What you will do:
Output exactly what appears from the line containing "this 2212×1659 image." to the end of the data below, and nothing more.

Input data:
BEGIN
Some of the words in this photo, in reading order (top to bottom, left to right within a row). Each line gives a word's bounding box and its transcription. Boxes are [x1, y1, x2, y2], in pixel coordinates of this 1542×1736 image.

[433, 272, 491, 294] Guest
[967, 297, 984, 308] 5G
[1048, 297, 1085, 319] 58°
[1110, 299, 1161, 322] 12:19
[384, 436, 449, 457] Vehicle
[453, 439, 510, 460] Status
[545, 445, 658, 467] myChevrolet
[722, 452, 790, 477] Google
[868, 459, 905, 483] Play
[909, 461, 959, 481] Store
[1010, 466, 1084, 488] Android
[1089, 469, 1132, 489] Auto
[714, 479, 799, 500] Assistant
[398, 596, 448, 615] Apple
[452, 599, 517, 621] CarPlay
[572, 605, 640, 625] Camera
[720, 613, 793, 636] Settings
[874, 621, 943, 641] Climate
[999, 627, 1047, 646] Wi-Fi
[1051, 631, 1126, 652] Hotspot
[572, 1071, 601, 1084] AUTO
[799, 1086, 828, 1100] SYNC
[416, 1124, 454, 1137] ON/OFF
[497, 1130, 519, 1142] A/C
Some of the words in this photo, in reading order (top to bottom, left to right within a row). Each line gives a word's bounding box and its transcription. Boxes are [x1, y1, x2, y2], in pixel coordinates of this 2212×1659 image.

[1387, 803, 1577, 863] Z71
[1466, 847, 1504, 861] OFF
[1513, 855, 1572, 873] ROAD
END
Task solution:
Some of the words in this photo, in reading order (top to bottom, left to right within a row). Each line gives a word's bounding box and its transcription. Boxes are [x1, y1, x2, y2], in pixel coordinates of this 2212×1659 image.

[1387, 803, 1577, 863] Z71
[1466, 847, 1504, 861] OFF
[1513, 855, 1572, 873] ROAD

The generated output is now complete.